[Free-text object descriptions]

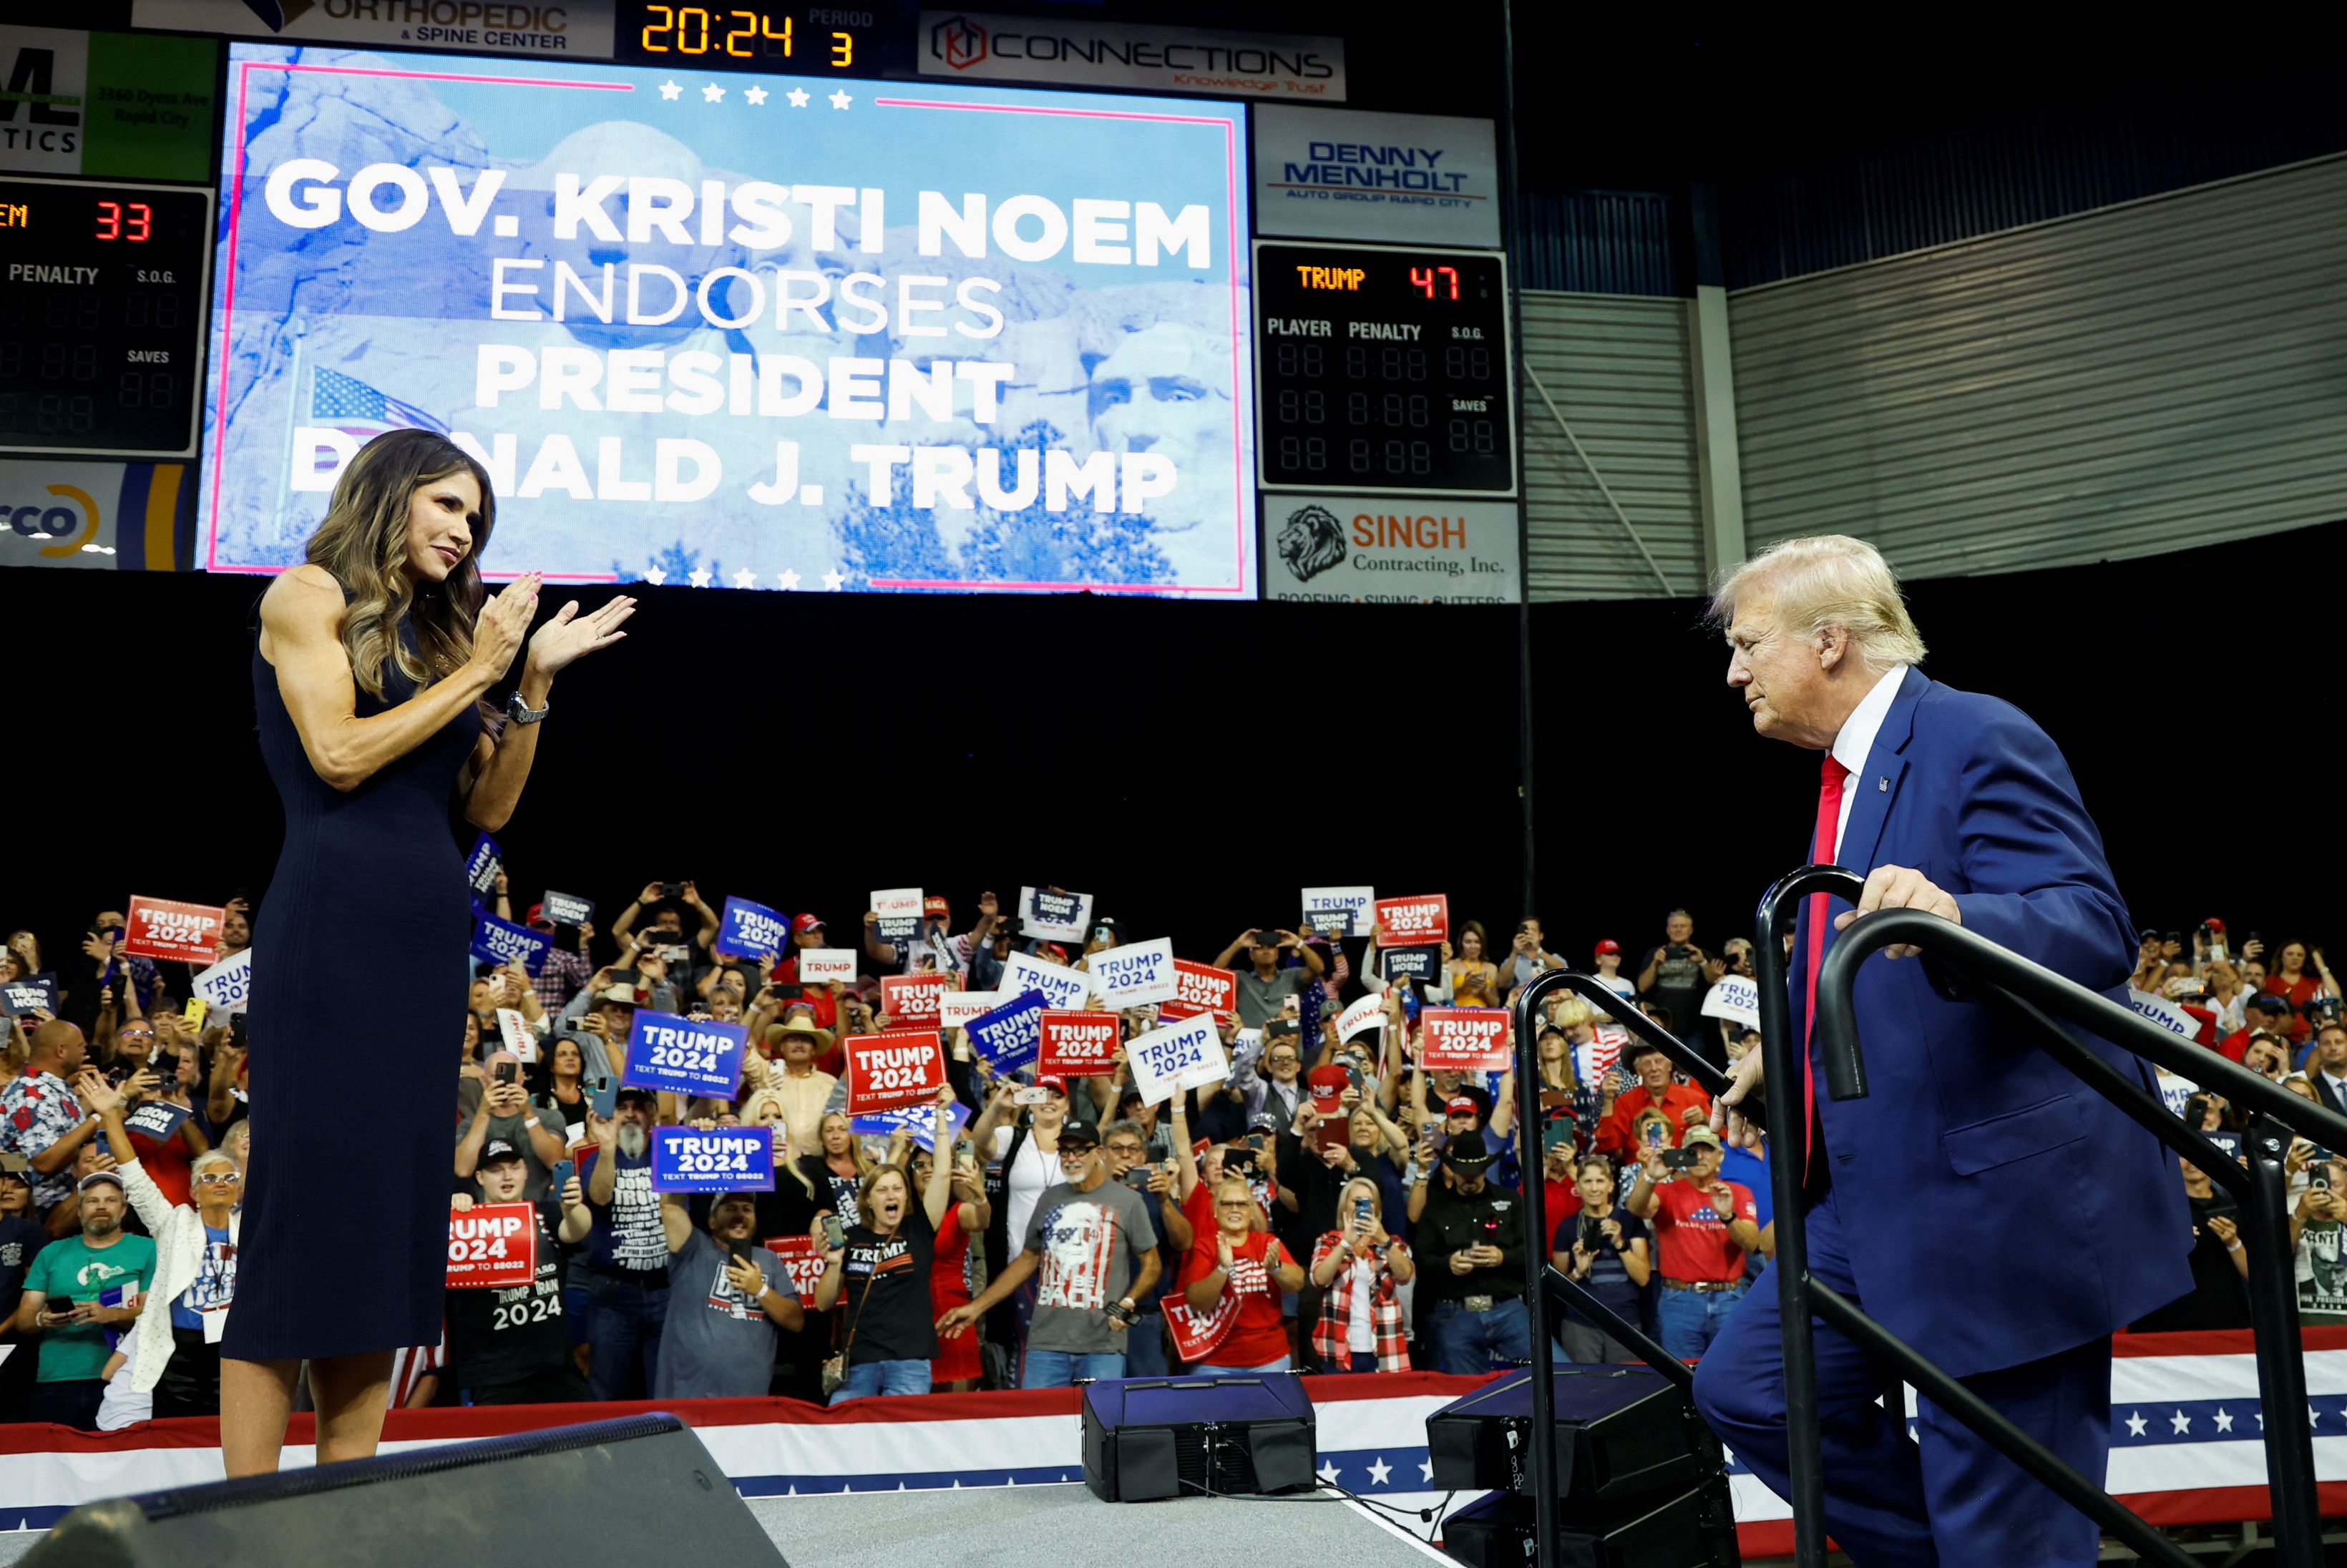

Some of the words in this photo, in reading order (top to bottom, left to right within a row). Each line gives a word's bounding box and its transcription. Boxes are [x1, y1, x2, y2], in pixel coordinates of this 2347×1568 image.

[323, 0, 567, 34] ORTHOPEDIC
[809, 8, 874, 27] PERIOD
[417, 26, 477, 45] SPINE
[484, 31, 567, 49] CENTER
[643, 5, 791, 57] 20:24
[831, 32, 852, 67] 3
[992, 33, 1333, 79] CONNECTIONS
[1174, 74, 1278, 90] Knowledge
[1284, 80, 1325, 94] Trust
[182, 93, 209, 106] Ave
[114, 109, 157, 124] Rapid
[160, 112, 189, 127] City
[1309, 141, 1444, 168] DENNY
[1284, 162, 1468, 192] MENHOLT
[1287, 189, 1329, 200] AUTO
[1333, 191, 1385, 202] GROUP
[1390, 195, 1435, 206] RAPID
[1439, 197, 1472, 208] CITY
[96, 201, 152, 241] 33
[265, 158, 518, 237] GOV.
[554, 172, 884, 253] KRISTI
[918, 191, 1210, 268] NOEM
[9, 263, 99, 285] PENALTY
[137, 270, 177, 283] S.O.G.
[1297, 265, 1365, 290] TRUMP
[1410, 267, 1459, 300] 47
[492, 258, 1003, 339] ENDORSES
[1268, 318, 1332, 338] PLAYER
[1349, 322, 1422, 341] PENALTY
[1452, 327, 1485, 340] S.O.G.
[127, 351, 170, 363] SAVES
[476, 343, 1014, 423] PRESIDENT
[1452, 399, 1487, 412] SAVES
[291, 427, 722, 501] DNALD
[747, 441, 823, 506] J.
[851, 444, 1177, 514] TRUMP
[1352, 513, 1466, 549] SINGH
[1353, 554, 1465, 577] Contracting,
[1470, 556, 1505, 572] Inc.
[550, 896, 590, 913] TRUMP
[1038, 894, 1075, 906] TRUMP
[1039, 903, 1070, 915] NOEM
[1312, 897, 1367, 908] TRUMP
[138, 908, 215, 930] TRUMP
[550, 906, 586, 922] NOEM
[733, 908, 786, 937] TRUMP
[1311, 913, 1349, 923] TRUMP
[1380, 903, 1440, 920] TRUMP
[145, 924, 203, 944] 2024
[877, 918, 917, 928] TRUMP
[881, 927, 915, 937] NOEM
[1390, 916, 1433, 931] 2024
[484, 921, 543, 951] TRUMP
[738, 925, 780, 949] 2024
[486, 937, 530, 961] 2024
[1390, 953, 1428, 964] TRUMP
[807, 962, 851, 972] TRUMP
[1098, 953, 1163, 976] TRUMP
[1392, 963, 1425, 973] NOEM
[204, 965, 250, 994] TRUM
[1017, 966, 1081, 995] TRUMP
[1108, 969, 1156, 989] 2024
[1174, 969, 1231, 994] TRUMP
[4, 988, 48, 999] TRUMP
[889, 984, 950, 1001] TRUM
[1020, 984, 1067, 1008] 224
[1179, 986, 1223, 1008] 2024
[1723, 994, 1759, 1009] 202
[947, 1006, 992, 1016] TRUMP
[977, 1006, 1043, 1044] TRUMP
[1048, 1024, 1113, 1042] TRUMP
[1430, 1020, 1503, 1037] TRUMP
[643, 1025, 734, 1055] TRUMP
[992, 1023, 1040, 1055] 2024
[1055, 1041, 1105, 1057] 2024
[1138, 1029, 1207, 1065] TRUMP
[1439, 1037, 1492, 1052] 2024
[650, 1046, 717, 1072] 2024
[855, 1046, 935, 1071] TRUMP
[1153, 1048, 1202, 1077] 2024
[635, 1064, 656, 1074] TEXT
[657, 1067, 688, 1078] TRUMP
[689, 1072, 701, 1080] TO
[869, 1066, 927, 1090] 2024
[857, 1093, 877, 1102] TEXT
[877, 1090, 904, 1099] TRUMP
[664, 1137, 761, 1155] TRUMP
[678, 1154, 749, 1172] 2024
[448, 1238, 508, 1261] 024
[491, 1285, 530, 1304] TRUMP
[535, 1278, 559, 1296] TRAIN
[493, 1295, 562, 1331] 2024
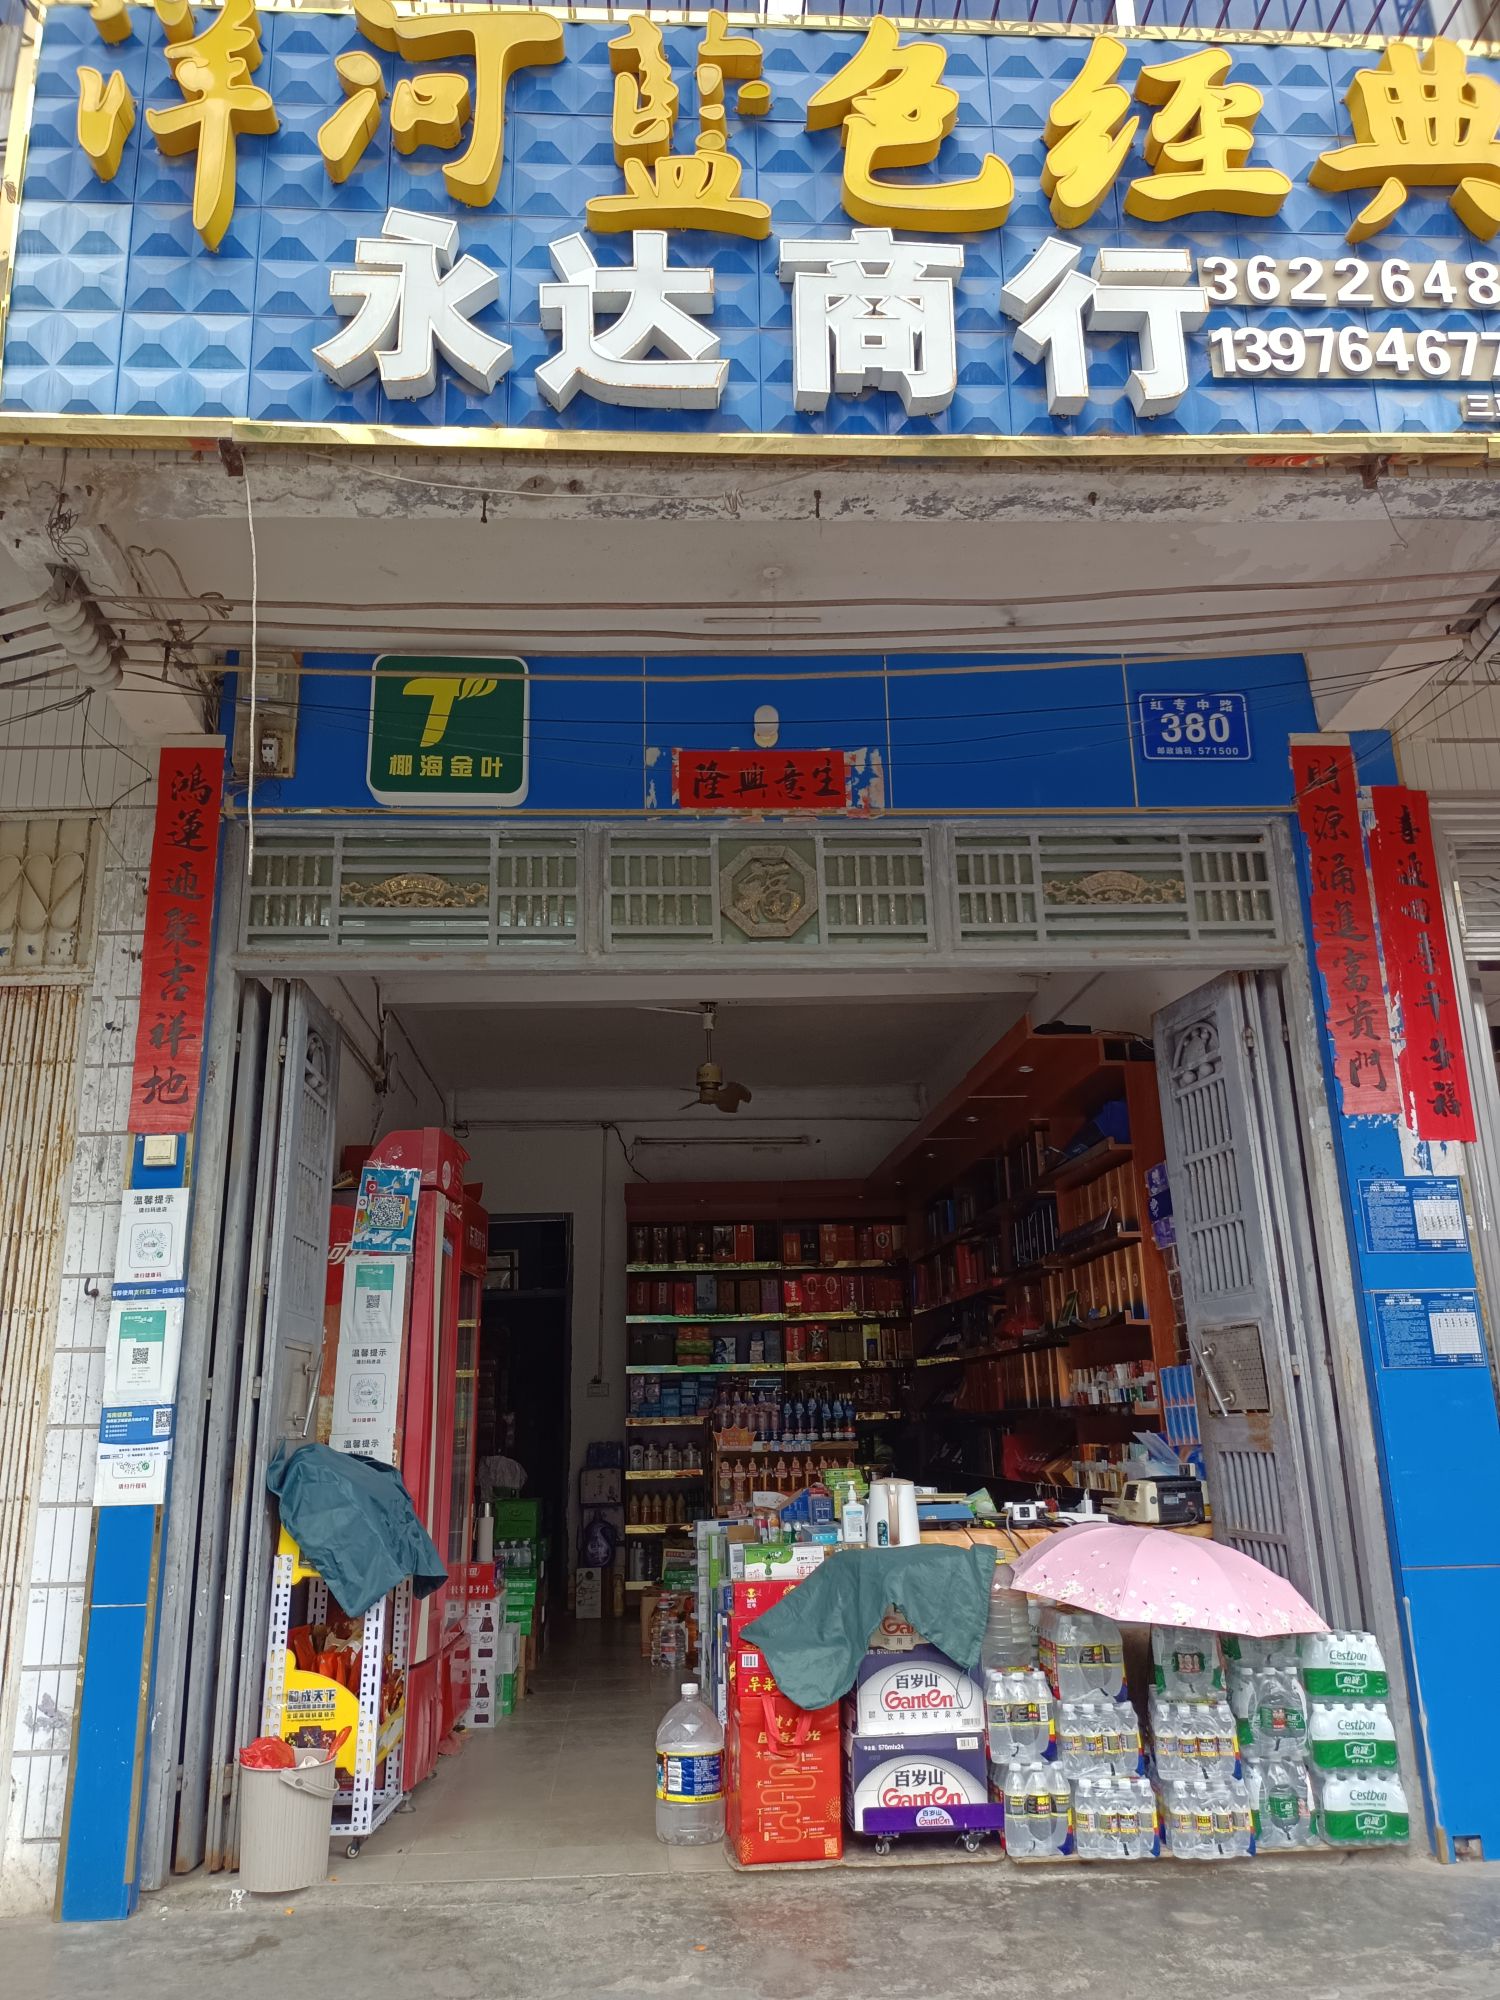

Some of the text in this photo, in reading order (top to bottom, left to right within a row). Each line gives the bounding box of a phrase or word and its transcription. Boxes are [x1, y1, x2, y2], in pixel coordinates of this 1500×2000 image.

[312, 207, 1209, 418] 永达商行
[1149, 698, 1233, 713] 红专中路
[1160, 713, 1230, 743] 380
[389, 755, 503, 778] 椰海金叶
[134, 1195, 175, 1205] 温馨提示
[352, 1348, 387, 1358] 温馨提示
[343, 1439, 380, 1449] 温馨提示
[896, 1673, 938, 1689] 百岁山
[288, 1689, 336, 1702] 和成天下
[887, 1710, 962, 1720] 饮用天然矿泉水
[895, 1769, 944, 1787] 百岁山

• **TASK GOAL**:
Could the entries above be retyped exactly, with the pictures left out?

• **TASK RESULT**:
Some of the words in this photo, in reading order (top to bottom, left to right within a row). Each line gives a word's bounding box and its transcription. Boxes are [x1, y1, x2, y2], in pixel coordinates of this 2347×1568 image.

[323, 0, 567, 34] ORTHOPEDIC
[809, 8, 874, 27] PERIOD
[417, 26, 477, 45] SPINE
[484, 31, 567, 49] CENTER
[643, 5, 791, 57] 20:24
[831, 32, 852, 67] 3
[992, 33, 1333, 79] CONNECTIONS
[1174, 74, 1278, 90] Knowledge
[1284, 80, 1325, 94] Trust
[182, 93, 209, 106] Ave
[114, 109, 157, 124] Rapid
[160, 112, 189, 127] City
[1309, 141, 1444, 168] DENNY
[1284, 162, 1468, 192] MENHOLT
[1287, 189, 1329, 200] AUTO
[1333, 191, 1385, 202] GROUP
[1390, 195, 1435, 206] RAPID
[1439, 197, 1472, 208] CITY
[96, 201, 152, 241] 33
[265, 158, 518, 237] GOV.
[554, 172, 884, 253] KRISTI
[918, 191, 1210, 268] NOEM
[9, 263, 99, 285] PENALTY
[137, 270, 177, 283] S.O.G.
[1297, 265, 1365, 290] TRUMP
[1410, 267, 1459, 300] 47
[492, 258, 1003, 339] ENDORSES
[1268, 318, 1332, 338] PLAYER
[1349, 322, 1422, 341] PENALTY
[1452, 327, 1485, 340] S.O.G.
[127, 351, 170, 363] SAVES
[476, 343, 1014, 423] PRESIDENT
[1452, 399, 1487, 412] SAVES
[291, 427, 722, 501] DNALD
[747, 441, 823, 506] J.
[851, 444, 1177, 514] TRUMP
[1352, 513, 1466, 549] SINGH
[1353, 554, 1465, 577] Contracting,
[1470, 556, 1505, 572] Inc.
[550, 896, 590, 913] TRUMP
[1038, 894, 1075, 906] TRUMP
[1039, 903, 1070, 915] NOEM
[1312, 897, 1367, 908] TRUMP
[138, 908, 215, 930] TRUMP
[550, 906, 586, 922] NOEM
[733, 908, 786, 937] TRUMP
[1311, 913, 1349, 923] TRUMP
[1380, 903, 1440, 920] TRUMP
[145, 924, 203, 944] 2024
[877, 918, 917, 928] TRUMP
[881, 927, 915, 937] NOEM
[1390, 916, 1433, 931] 2024
[484, 921, 543, 951] TRUMP
[738, 925, 780, 949] 2024
[486, 937, 530, 961] 2024
[1390, 953, 1428, 964] TRUMP
[807, 962, 851, 972] TRUMP
[1098, 953, 1163, 976] TRUMP
[1392, 963, 1425, 973] NOEM
[204, 965, 250, 994] TRUM
[1017, 966, 1081, 995] TRUMP
[1108, 969, 1156, 989] 2024
[1174, 969, 1231, 994] TRUMP
[4, 988, 48, 999] TRUMP
[889, 984, 950, 1001] TRUM
[1020, 984, 1067, 1008] 224
[1179, 986, 1223, 1008] 2024
[1723, 994, 1759, 1009] 202
[947, 1006, 992, 1016] TRUMP
[977, 1006, 1043, 1044] TRUMP
[1048, 1024, 1113, 1042] TRUMP
[1430, 1020, 1503, 1037] TRUMP
[643, 1025, 734, 1055] TRUMP
[992, 1023, 1040, 1055] 2024
[1055, 1041, 1105, 1057] 2024
[1138, 1029, 1207, 1065] TRUMP
[1439, 1037, 1492, 1052] 2024
[650, 1046, 717, 1072] 2024
[855, 1046, 935, 1071] TRUMP
[1153, 1048, 1202, 1077] 2024
[635, 1064, 656, 1074] TEXT
[657, 1067, 688, 1078] TRUMP
[689, 1072, 701, 1080] TO
[869, 1066, 927, 1090] 2024
[857, 1093, 877, 1102] TEXT
[877, 1090, 904, 1099] TRUMP
[664, 1137, 761, 1155] TRUMP
[678, 1154, 749, 1172] 2024
[448, 1238, 508, 1261] 024
[491, 1285, 530, 1304] TRUMP
[535, 1278, 559, 1296] TRAIN
[493, 1295, 562, 1331] 2024

Some of the text in this photo, in reading order (top to bottom, left to right within a row). Each line gives the bounding box of a phrase or word and its transcription. Boxes are [x1, y1, x2, y2], in pixel coordinates of this 1500×2000 image.

[312, 207, 1209, 418] 永达商行
[1149, 698, 1233, 713] 红专中路
[1160, 713, 1230, 743] 380
[389, 755, 503, 778] 椰海金叶
[134, 1195, 175, 1205] 温馨提示
[352, 1348, 387, 1358] 温馨提示
[343, 1439, 380, 1449] 温馨提示
[896, 1673, 938, 1689] 百岁山
[288, 1689, 336, 1702] 和成天下
[887, 1710, 962, 1720] 饮用天然矿泉水
[895, 1769, 944, 1787] 百岁山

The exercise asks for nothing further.